Some fastball pitchers talk about their anger on the mound. Do you have to put aside the anger to throw a little slower? It's much more for me than that. I need to be in a place of peace. Early on as a conventional pitcher I tried to pitch angry because that's what I was taught to do. It didn't work for me. Pitching angry takes me out of where I need to be. I'm much better in a serene place. I take deep breaths. I slow the game down and enjoy it.
How do you feel serene when it's late innings, tie game, bases loaded, fans roaring? I view what I do on the field as an act of worship. God has given me the gifts to do what I do, and when I use them fully I glorify Him. In those moments when it might seem most tense, in my mind I start singing a song.
What song? "My God is an Awesome God," or any song that I recall in the moment. It's in my mind: I'm not necessarily mouthing the words out there, but in my mind it always helps me to breathe, to feel the moment.
What were your expectations as you were growing up? I was always waiting for the next trauma around the corner. That grew out of sexual abuse and growing up in an unstable home where my parents got divorced early and the only validity I felt was through sports. It's taken 31 years for me to come to the place where I am able even to think about celebrating things.

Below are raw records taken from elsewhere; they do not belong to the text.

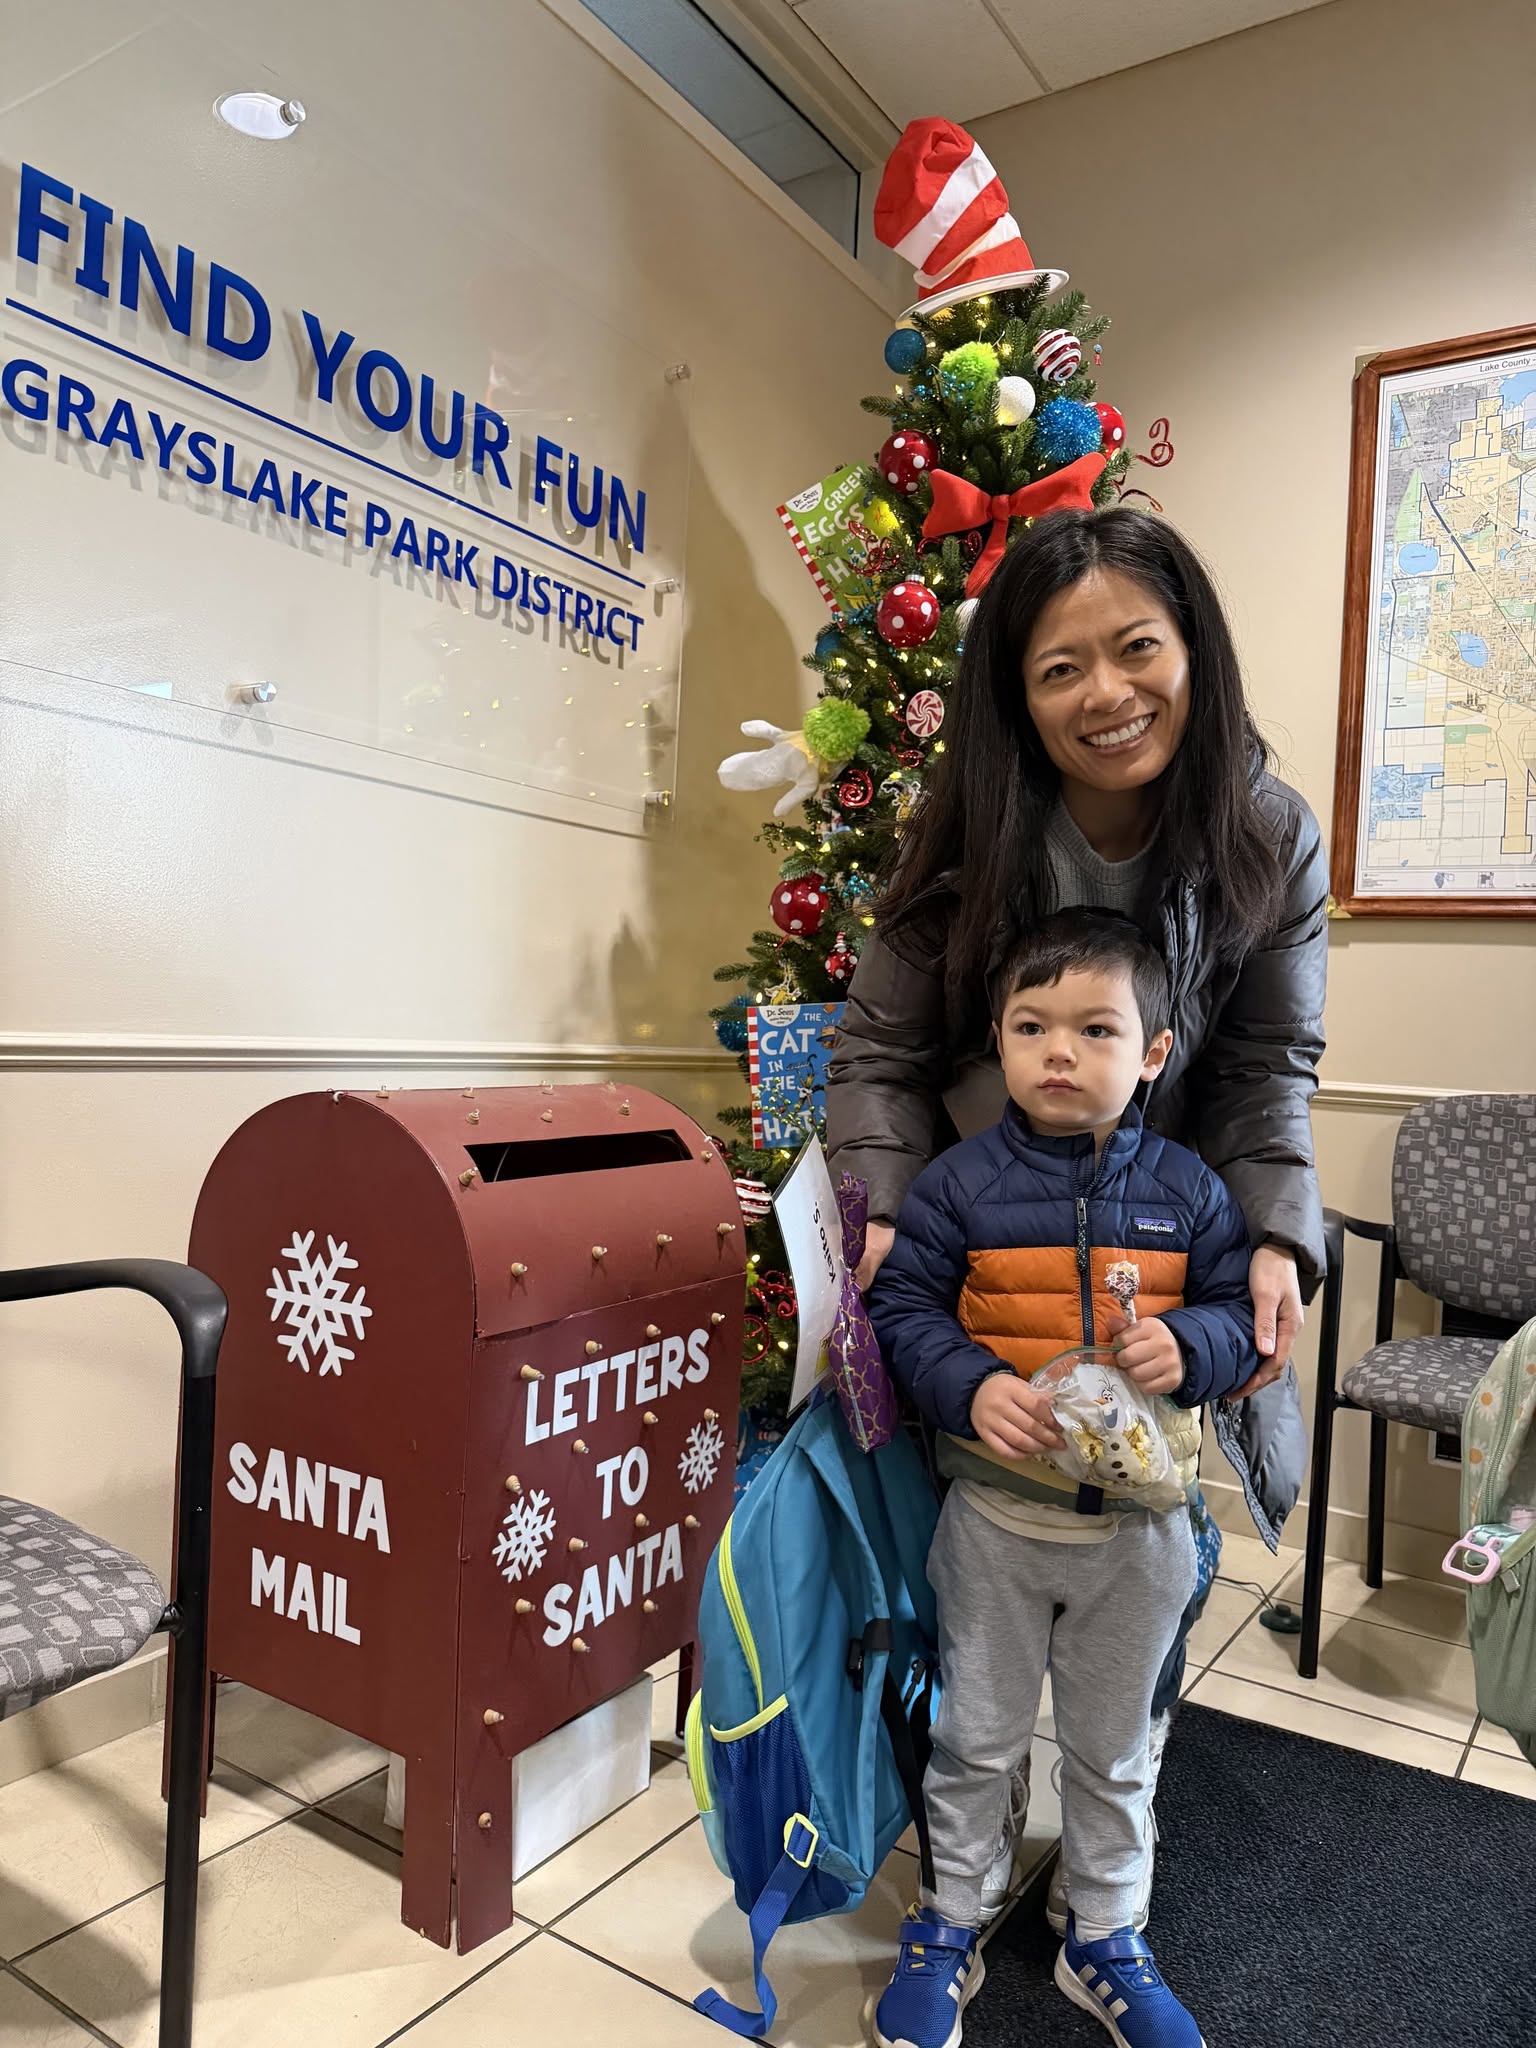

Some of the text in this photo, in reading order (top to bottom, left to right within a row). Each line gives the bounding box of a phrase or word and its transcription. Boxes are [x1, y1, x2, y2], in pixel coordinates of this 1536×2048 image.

[17, 162, 646, 553] FIND YOUR FUN
[1480, 357, 1531, 372] Lake County
[2, 359, 644, 651] GRAYSLAKE PARK DISTRICT
[803, 503, 864, 544] EGGS
[761, 1028, 816, 1056] CAT
[803, 1012, 821, 1022] THE
[762, 1075, 796, 1091] THE
[768, 1059, 783, 1073] IN
[819, 1227, 836, 1283] Kaito
[1138, 1224, 1174, 1233] patagonia
[524, 1328, 710, 1446] LETTERS
[226, 1442, 391, 1554] SANTA
[596, 1446, 649, 1520] TO
[251, 1548, 361, 1646] MAIL
[542, 1523, 684, 1647] SANTA

You professed Christ at age 13. How did that help you, and how didn't it? It probably kept me from going over the edge with suicidal thoughts: I couldn't do that because of my faith. The hard part, though, was living it out. I had a past that was broken and fractured, and I didn't know what to do with it. I would read the Bible, but I wouldn't understand it. I was ashamed of my past and couldn't be completely authentic. I didn't have much shepherding. I had a relationship with Christ but a thousand questions that were never answered.
Are you able now to answer the question of why those evil things occurred in your childhood? There is a mystery to some of it, but although the evils that are manifested in this world are tough to reconcile a lot of times, that doesn't mean God can't use them in some way. The sexual abuse, for instance-because my wounds were deep the healing has been great. I now have a very intimate relationship with a living God whom I believe in. The deeper the wound and the more healing that has to take place, the greater God becomes. I don't have all the answers and I don't think that I will this side of eternity. There was a point in my life when I wasn't OK with that, but now I'm OK with not knowing and just trusting.

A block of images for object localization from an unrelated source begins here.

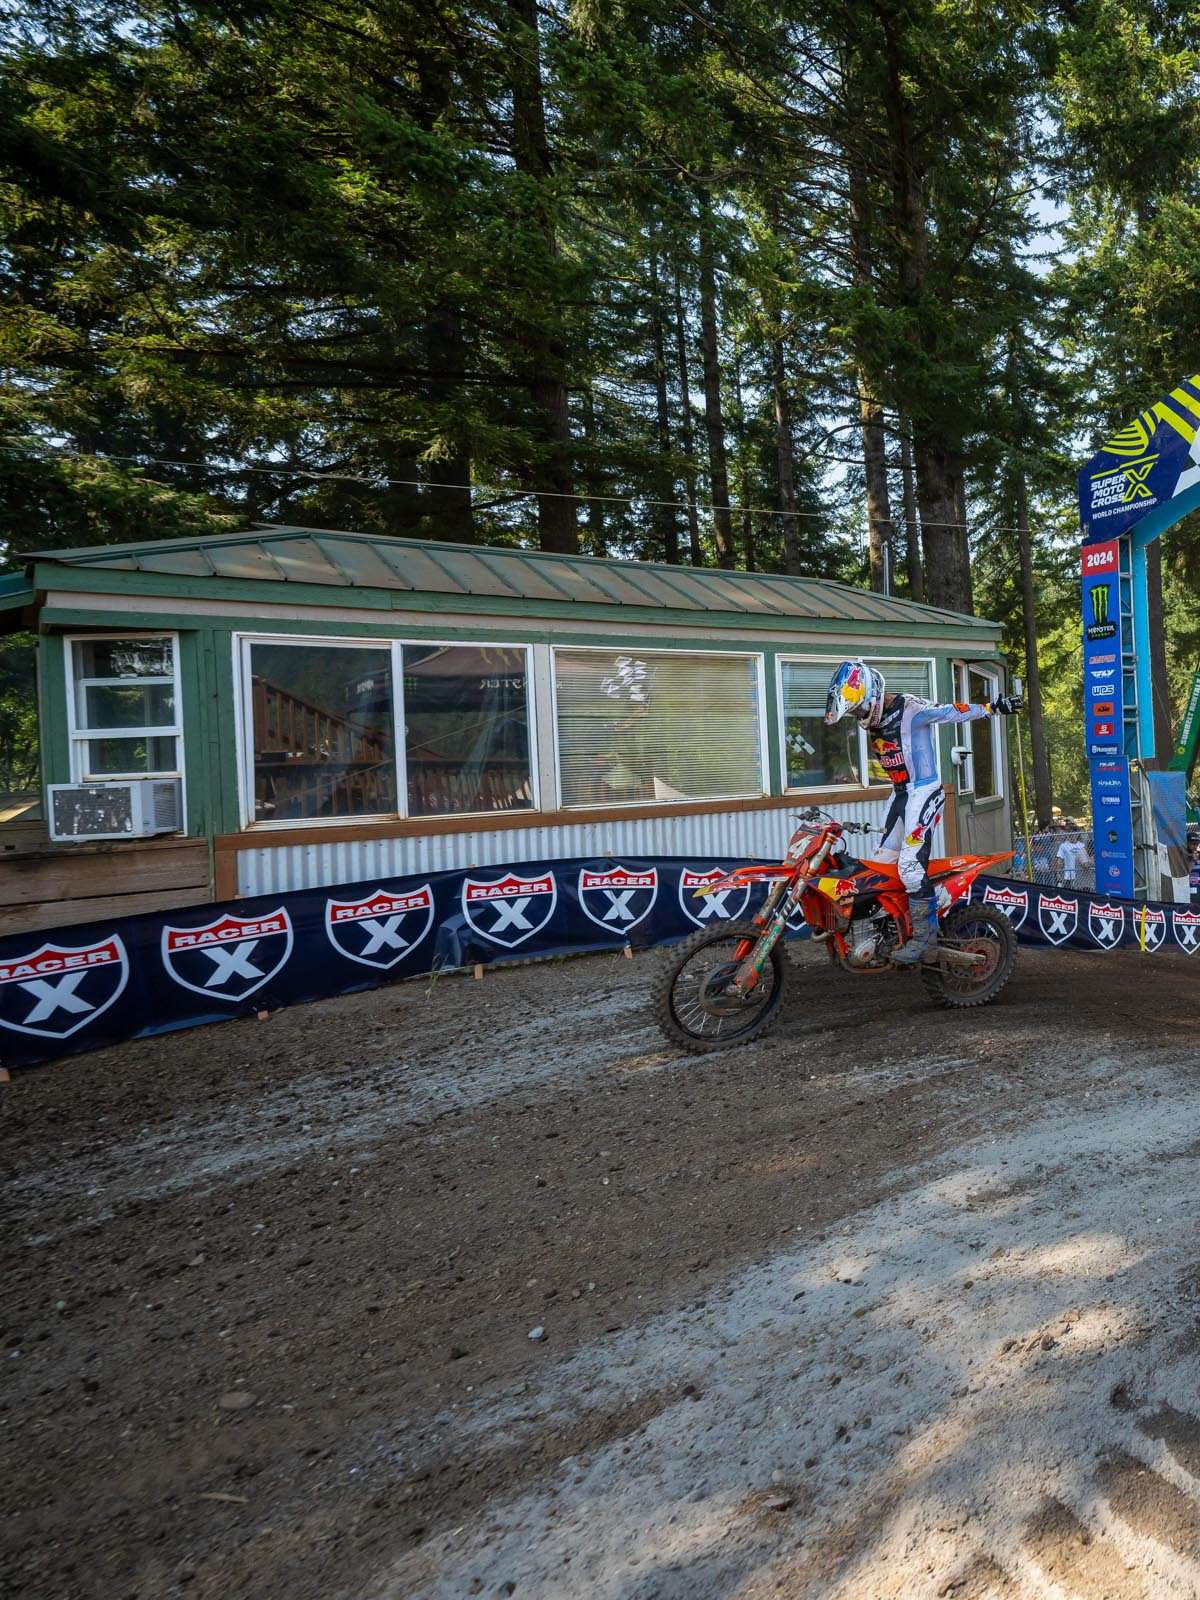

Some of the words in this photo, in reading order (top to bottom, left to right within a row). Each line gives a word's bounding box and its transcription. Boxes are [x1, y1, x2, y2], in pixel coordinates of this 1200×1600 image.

[1090, 474, 1126, 491] SUPER
[1093, 483, 1125, 499] MOTO
[1091, 492, 1125, 508] CROSS
[1092, 509, 1113, 520] WORLD
[1112, 497, 1157, 515] CHAMPIONSHIP
[1087, 550, 1113, 568] 2024
[1087, 624, 1115, 635] MONSTER
[1092, 684, 1115, 696] WPS
[1180, 711, 1194, 746] SUNBELT
[788, 834, 814, 859] 4
[587, 876, 651, 886] RACER
[471, 882, 548, 898] RACER
[988, 894, 1025, 904] RACER
[1041, 901, 1074, 912] RACER
[335, 896, 425, 919] RACER
[1092, 908, 1121, 918] RACER
[1135, 913, 1163, 922] RCER
[174, 920, 281, 949] RACER

What happened during your almost-fatal attempt to swim the Missouri? I was 32 years old and had three kids and was on the brink of being released. In the river I had to come to terms with either living differently or leaving this place. It took me going to the bottom literally and figuratively.
And your wife put up with this? She's incredibly forgiving. When I wanted to give up baseball, she wouldn't let me. For her to stand in front of me, after what I put her through, and the lifestyle we had led, and for her to say, "I don't want you ever to have a regret." For someone who knows the worst things about you and loves you despite those-I don't know if there's a greater power on earth.